It's an incredibly misleading statement, so it's not you.
Gravitational waves propagate at the speed of light, so their detection by Earth-bound detectors is expected to correlate with the arrival of light from distant events assuming the source of light generation is identical (not spatially or temporally separated) to the source of the gravitational disturbance.
In the case of a supernova, it's actually a dynamic process instead of a flip of a switch, and so the change in the magnitude of light emission can indeed lag behind by several hours from the start of collapse of the star's core - the detection of gravitational waves could allow us to "buy back" that several hour window by detecting the gravitational waves produced by core collapse instead of having to wait for the light magnitude increase. There's no disconnect here, just sloppy reporting.
In many cases however, we infer gravitational events or influences have occurred or exist by witnessing a change in motion of light emitting (or reflecting) objects that are directly affected by the event/influence - think of a supermassive black hole at a galactic center that we can't observe directly, but infer its existence by the motion of stars in its vicinity. Or the orbital behavior of Neptune that suggested other massive objects yet to be found in our solar system.

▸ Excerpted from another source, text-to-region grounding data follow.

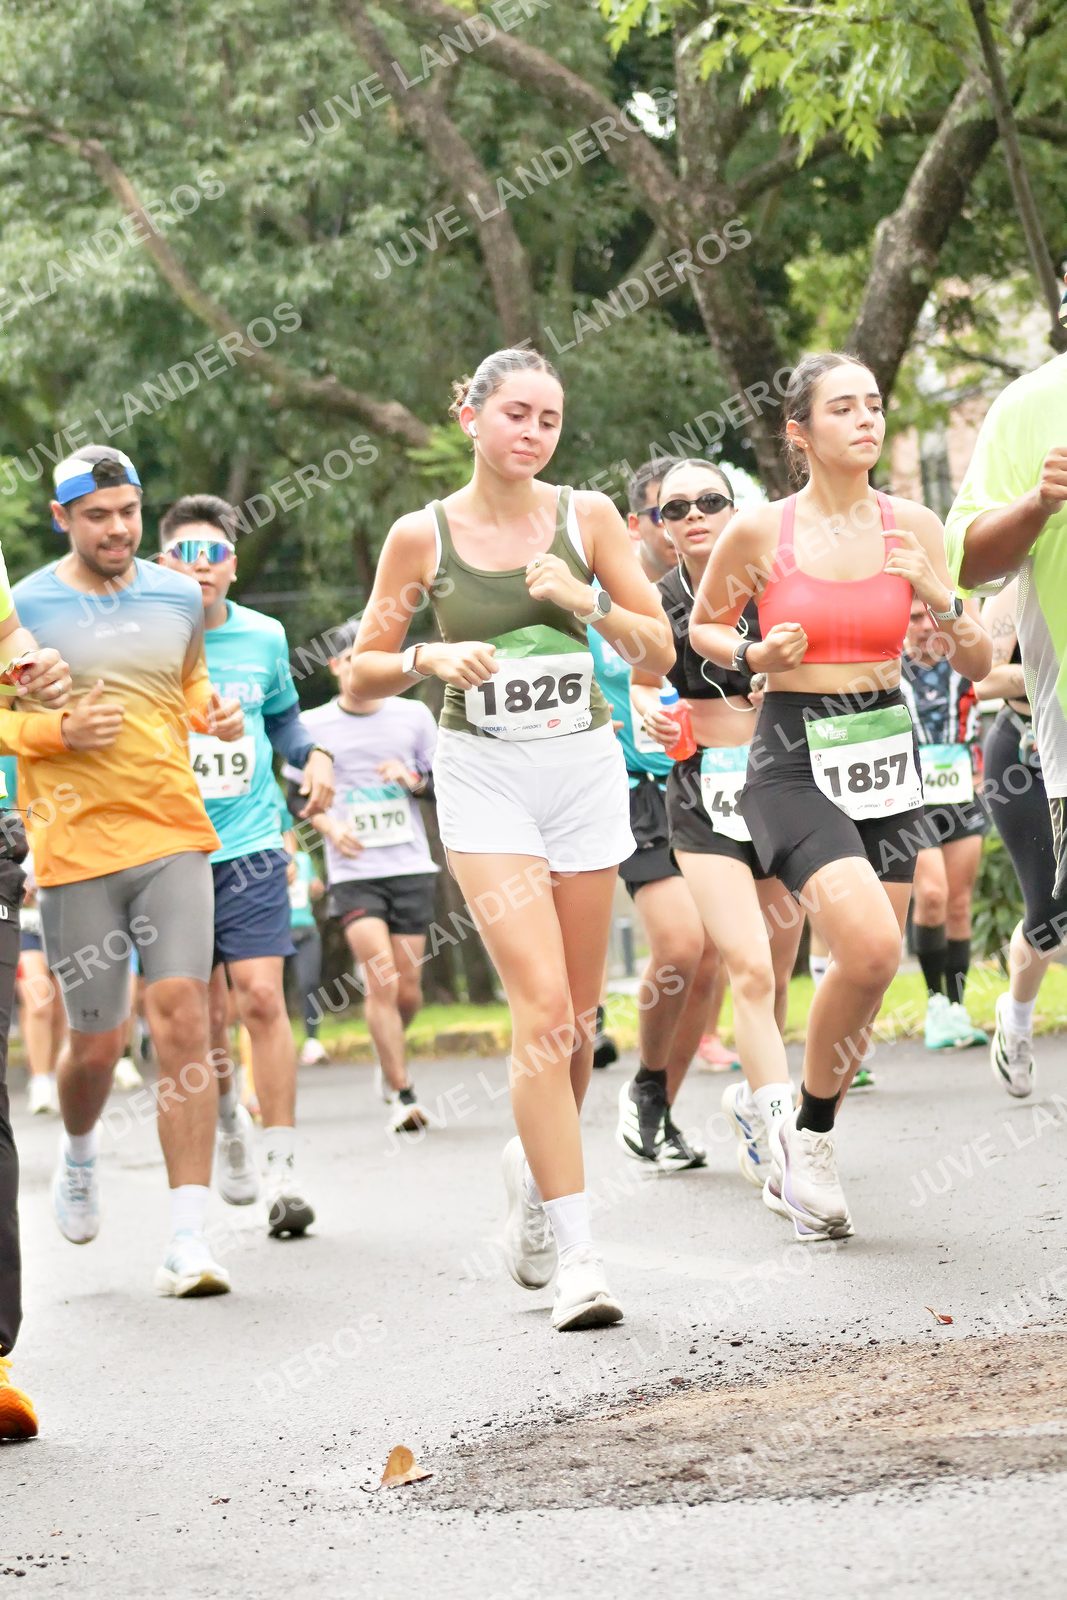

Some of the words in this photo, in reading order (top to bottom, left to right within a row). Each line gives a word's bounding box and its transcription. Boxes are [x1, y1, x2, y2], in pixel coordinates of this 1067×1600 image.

[477, 673, 584, 717] 1826
[192, 752, 248, 777] 419
[823, 751, 908, 798] 1857
[925, 771, 960, 788] 400
[354, 810, 405, 832] 5170
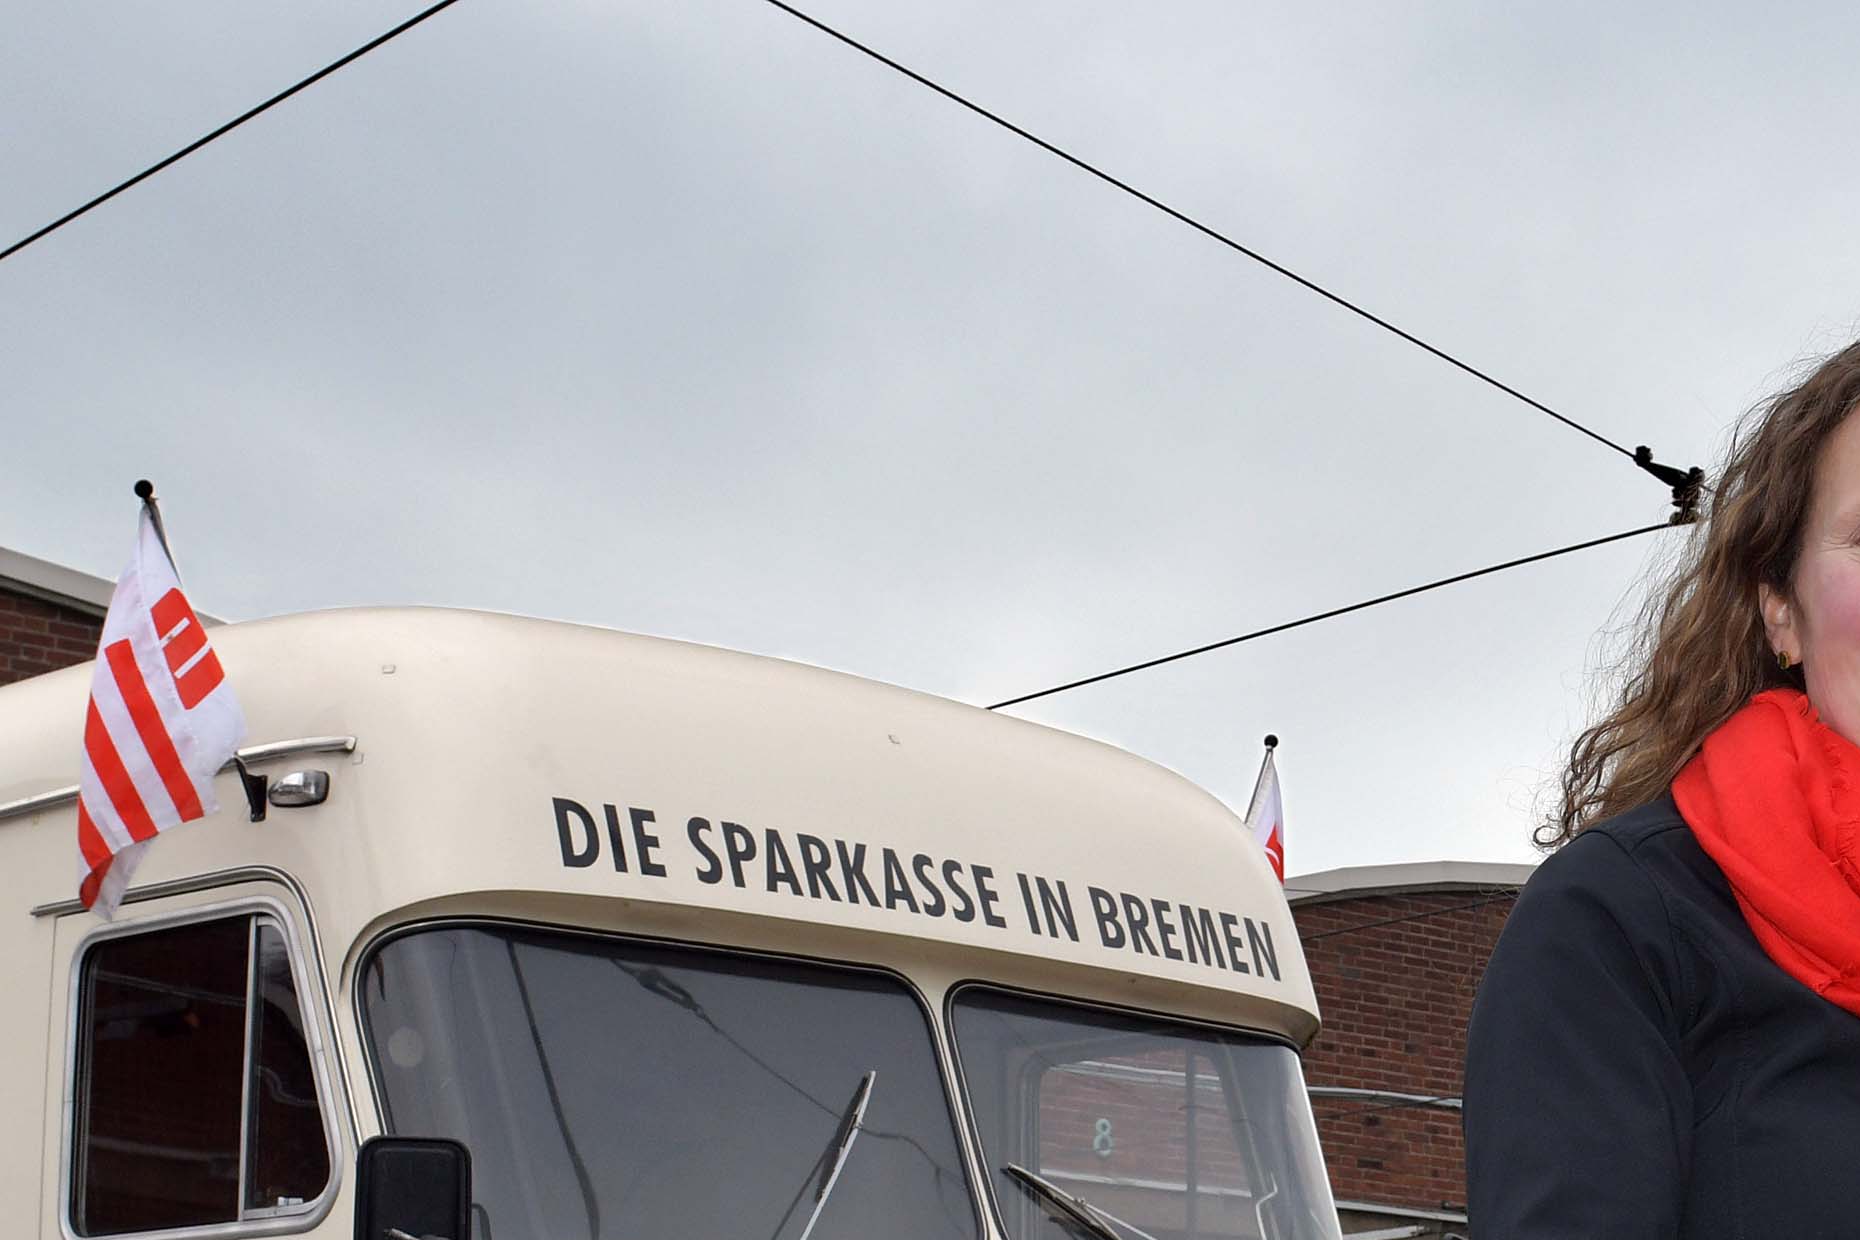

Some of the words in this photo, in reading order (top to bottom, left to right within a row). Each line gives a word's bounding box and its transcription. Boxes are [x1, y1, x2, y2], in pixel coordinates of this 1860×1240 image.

[552, 797, 667, 877] DIE
[686, 816, 1007, 928] SPARKASSE
[1016, 872, 1080, 943] IN
[1087, 885, 1281, 982] BREMEN
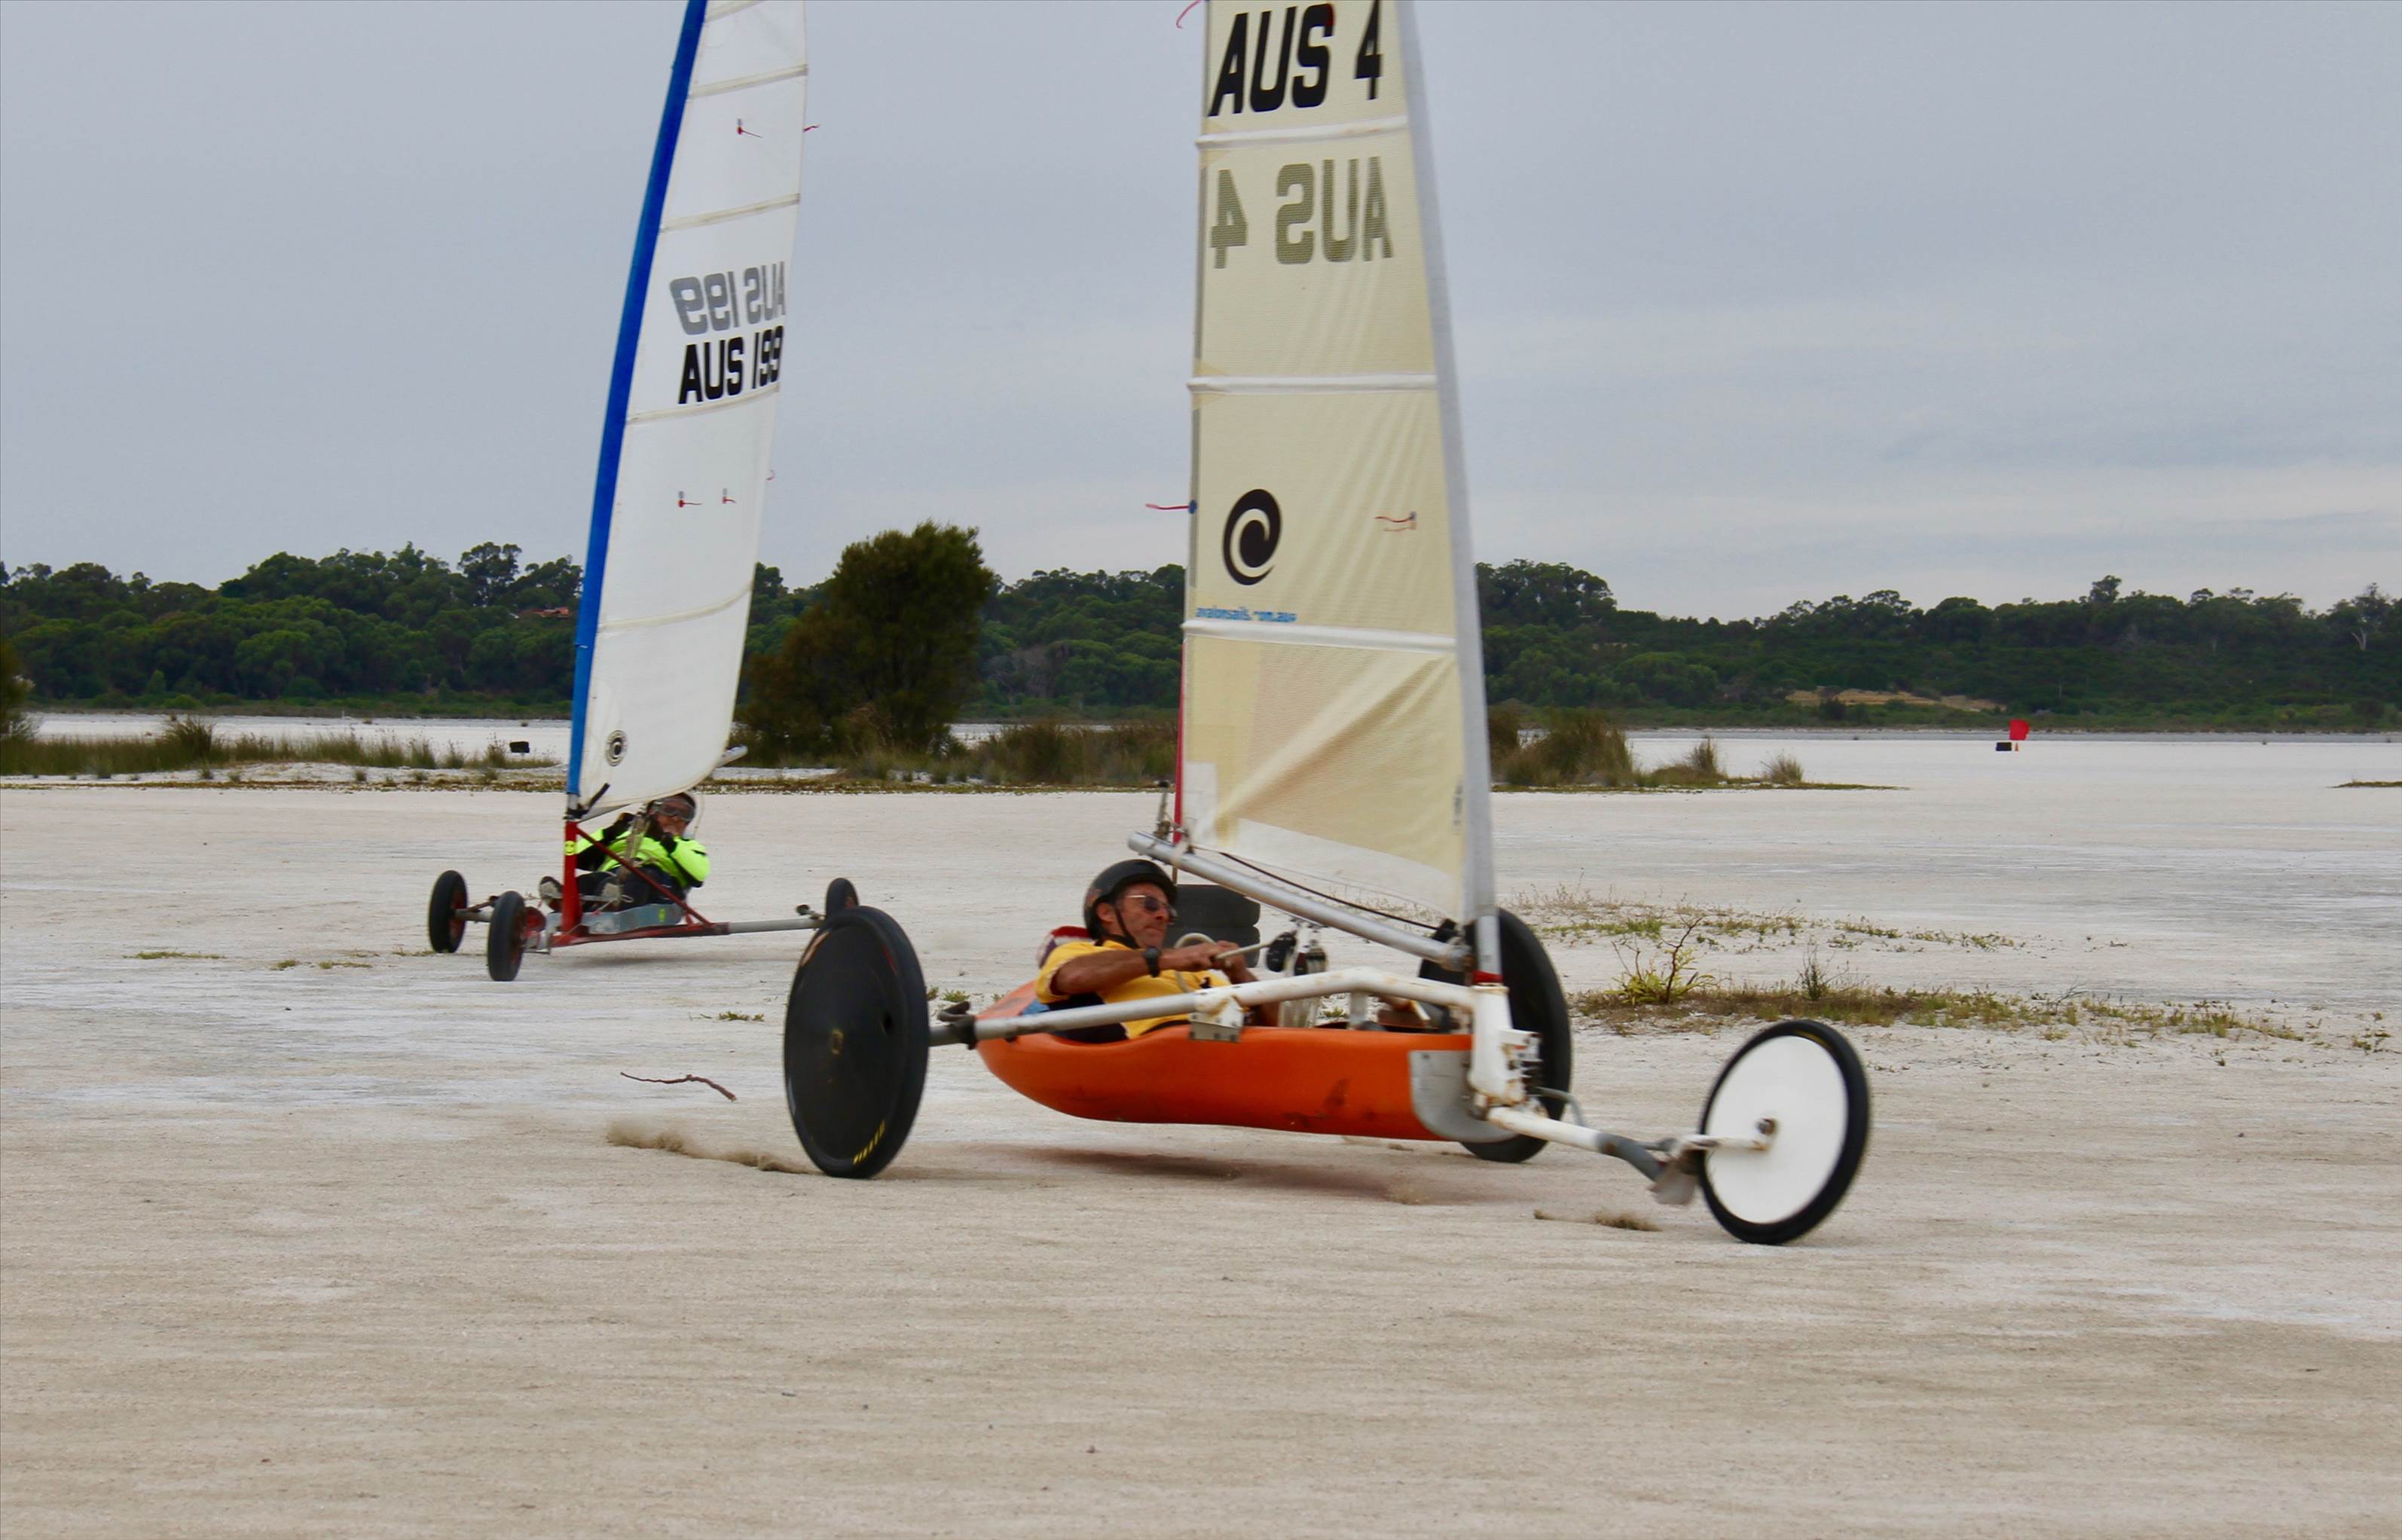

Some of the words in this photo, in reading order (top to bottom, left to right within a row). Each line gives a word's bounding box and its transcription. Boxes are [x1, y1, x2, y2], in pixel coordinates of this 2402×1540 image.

[1207, 3, 1336, 118] AUS
[1354, 0, 1383, 100] 4
[678, 337, 744, 405] AUS
[752, 325, 784, 390] 199

Depending on the nature of the event, we may have to infer that a black hole merger, for example, has happened by observing the changes in motion of objects we can see with traditional telescopes. This introduces a time-lag in addition to the normal speed-of-light timelag we're bound by whenever we look up at the night sky:
Gravitational influence must travel at the speed of light from the site of the event to the light-emitting object that we can observe, and then the light from that object must travel to our telescopes, again at the speed of light. At the moment that the event happened, the light from the object we're observing with our telescopes had not yet felt the disturbance, so there's an additional lag in detection time that must be accounted for - we're not really observing the black hole in this example, we're observing a surrogate object.
The ability to detect gravitational waves may allow us to "buy back" this additional lag by now 'directly' observing the inciting events... bound by the speed of light, of course.